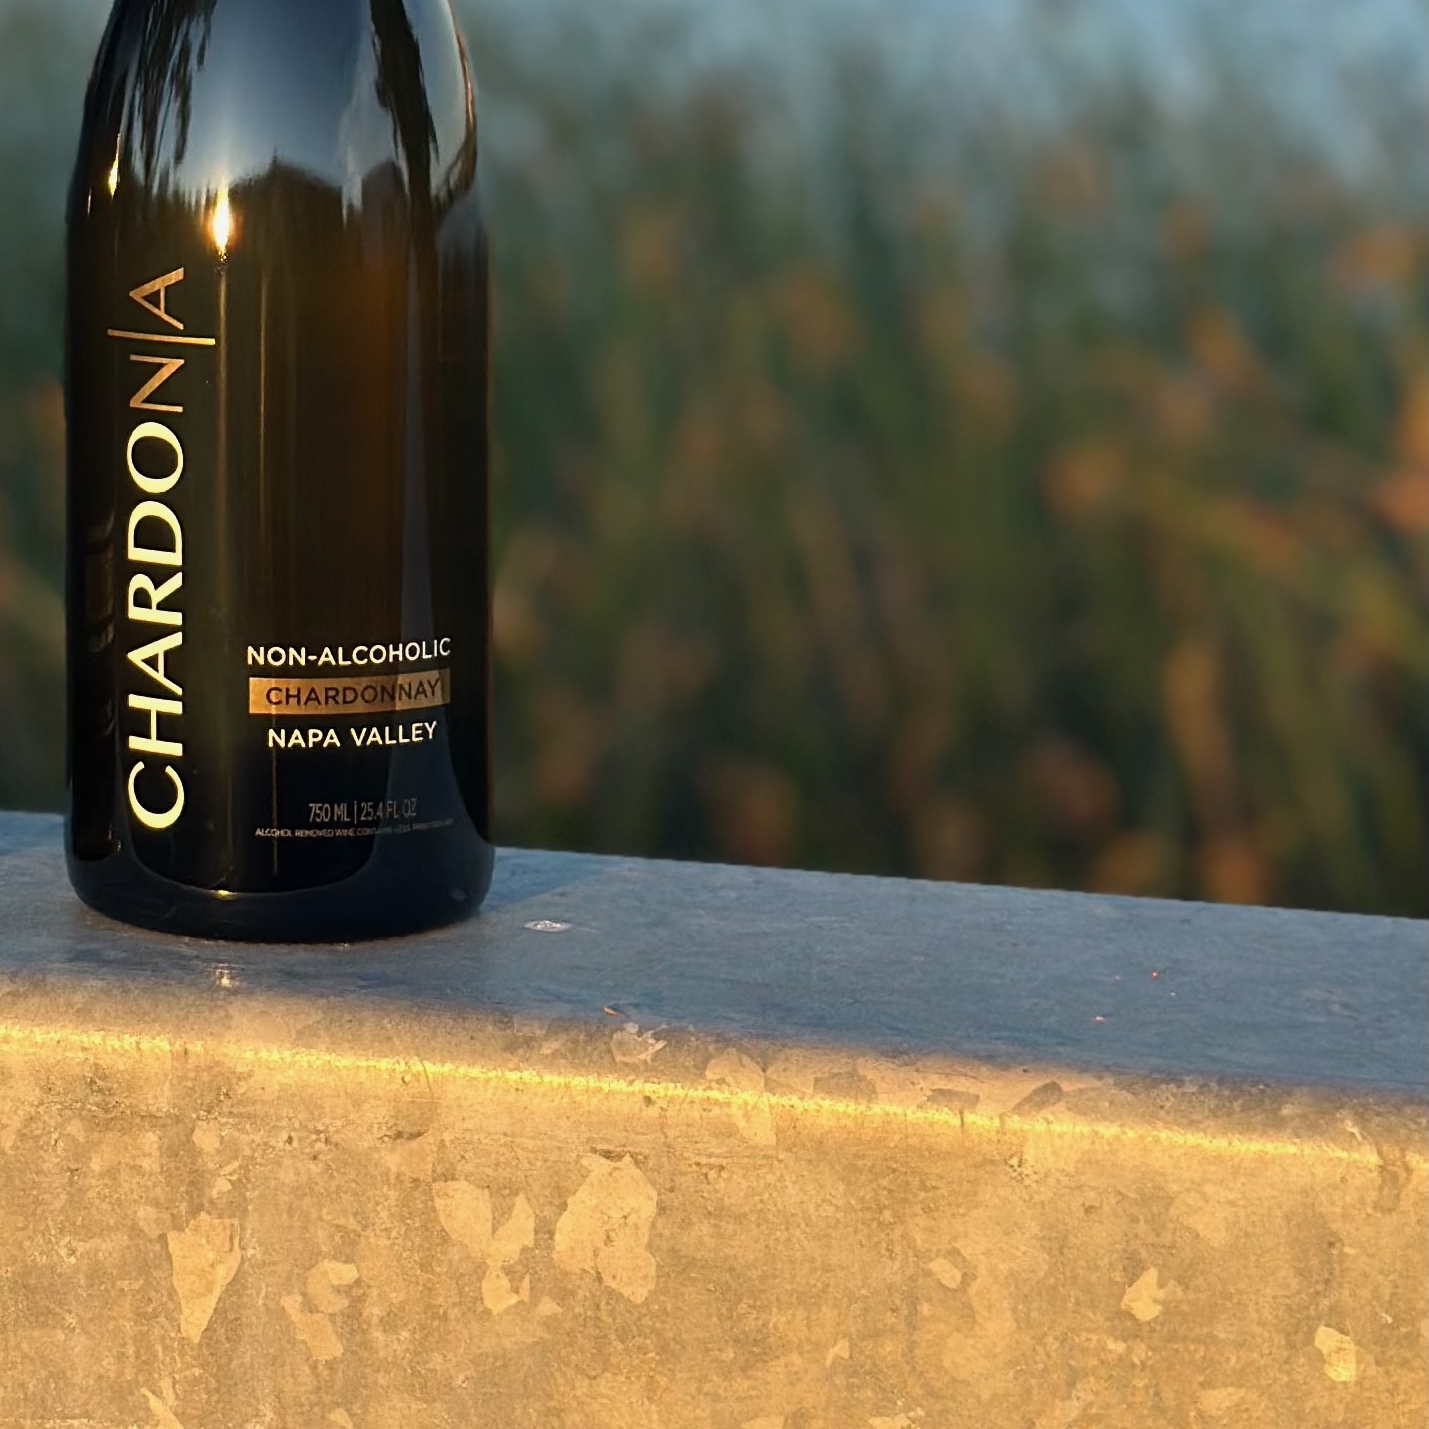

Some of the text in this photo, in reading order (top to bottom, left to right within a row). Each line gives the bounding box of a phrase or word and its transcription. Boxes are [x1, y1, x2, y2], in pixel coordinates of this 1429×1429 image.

[246, 637, 452, 667] NON-ALCOHOLIC
[265, 678, 441, 706] CHARDONNAY
[267, 720, 438, 749] NAPA VALLEY
[308, 803, 331, 822] 750
[333, 802, 351, 822] ML
[360, 802, 383, 821] 25.4
[386, 800, 399, 819] FL
[402, 798, 417, 817] OZ
[255, 828, 294, 837] ALCOHOL
[295, 828, 334, 838] REMOVED
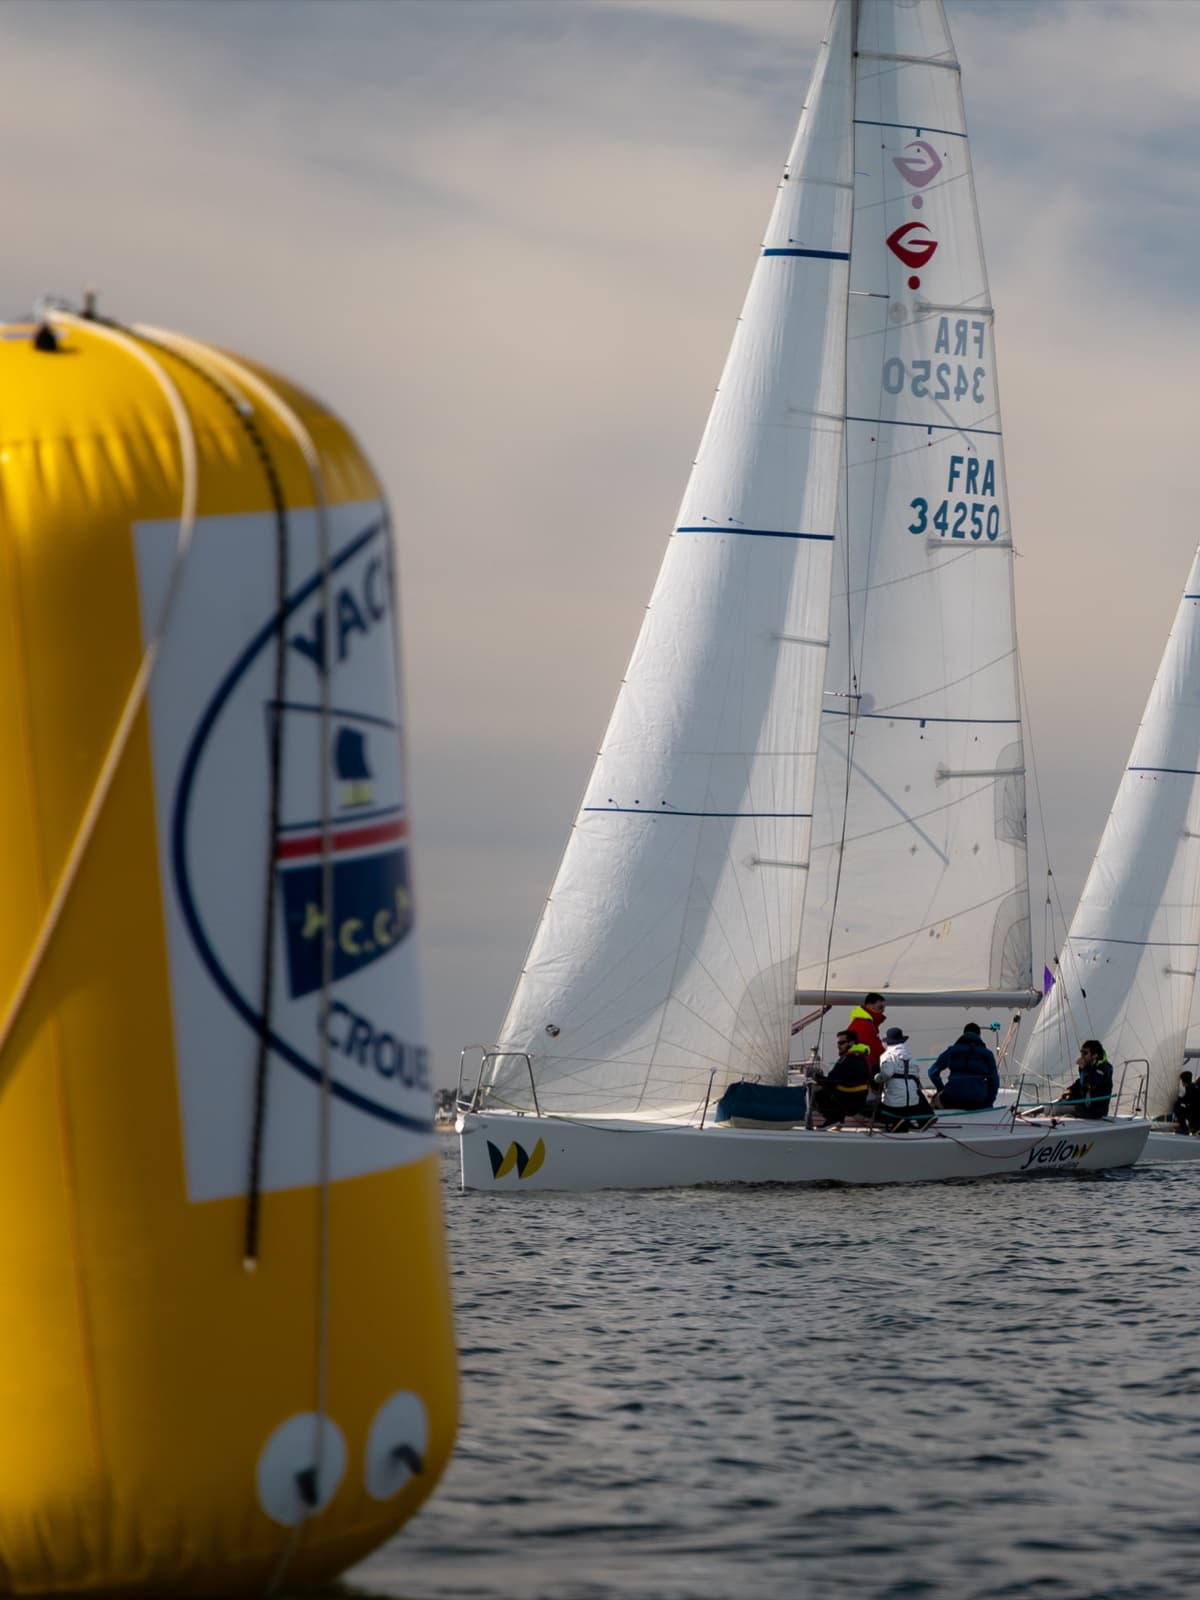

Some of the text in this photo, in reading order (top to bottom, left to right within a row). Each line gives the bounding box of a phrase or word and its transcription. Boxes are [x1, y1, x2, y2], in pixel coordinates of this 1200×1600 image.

[948, 455, 996, 497] FRA
[908, 497, 1000, 541] 34250
[1020, 1139, 1095, 1170] yellow
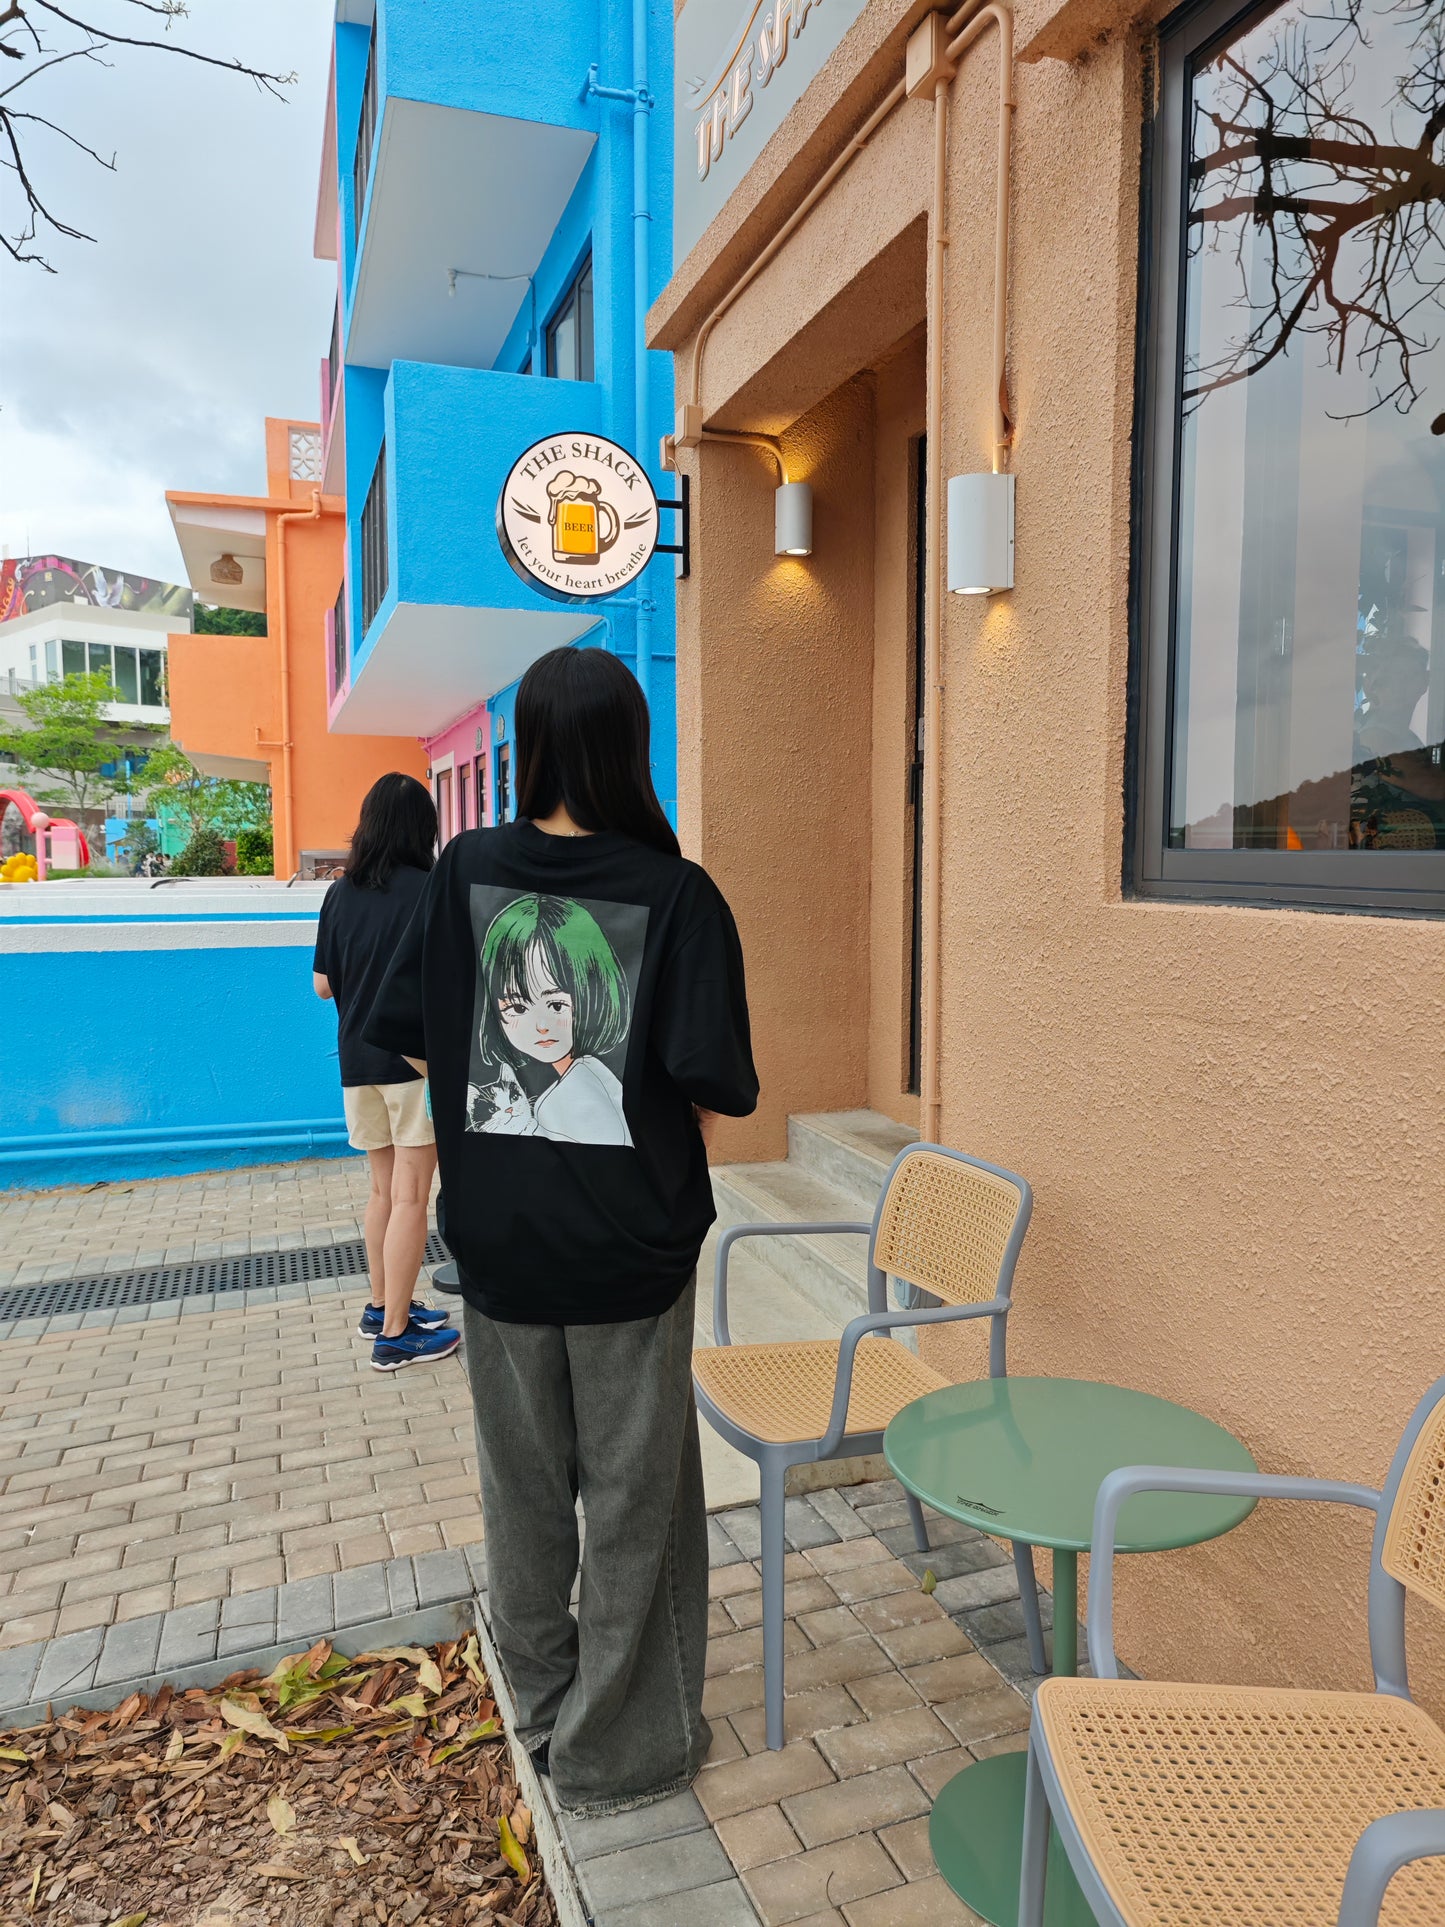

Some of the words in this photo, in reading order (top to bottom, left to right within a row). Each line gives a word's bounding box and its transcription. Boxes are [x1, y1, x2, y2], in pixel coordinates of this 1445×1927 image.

YOUR ASSIGNMENT: Reproduce the data above verbatim, minus any images.

WORKED SOLUTION:
Some of the text in this photo, in reading order (top to bottom, left to right within a row). Each line gives the bounding box of a phrase or word and its transcription. Boxes are [x1, y1, x2, y2], in pixel coordinates of this 1429×1429 image.

[246, 637, 452, 667] NON-ALCOHOLIC
[265, 678, 441, 706] CHARDONNAY
[267, 720, 438, 749] NAPA VALLEY
[308, 803, 331, 822] 750
[333, 802, 351, 822] ML
[360, 802, 383, 821] 25.4
[386, 800, 399, 819] FL
[402, 798, 417, 817] OZ
[255, 828, 294, 837] ALCOHOL
[295, 828, 334, 838] REMOVED

Some of the text in this photo, in reading order (top to bottom, left to right within a row). Each line gives the bounding box of a phrase or word and its transcription. Boxes are [x1, y1, x2, y2], in pixel coordinates of this 1200×1600 image.

[948, 455, 996, 497] FRA
[908, 497, 1000, 541] 34250
[1020, 1139, 1095, 1170] yellow

Some of the words in this photo, in reading order (top to bottom, left to right within a row). Each line gives a word's bounding box and its transcription. Boxes are [x1, y1, x2, y2], in pixel coordinates of this 1445×1927 image.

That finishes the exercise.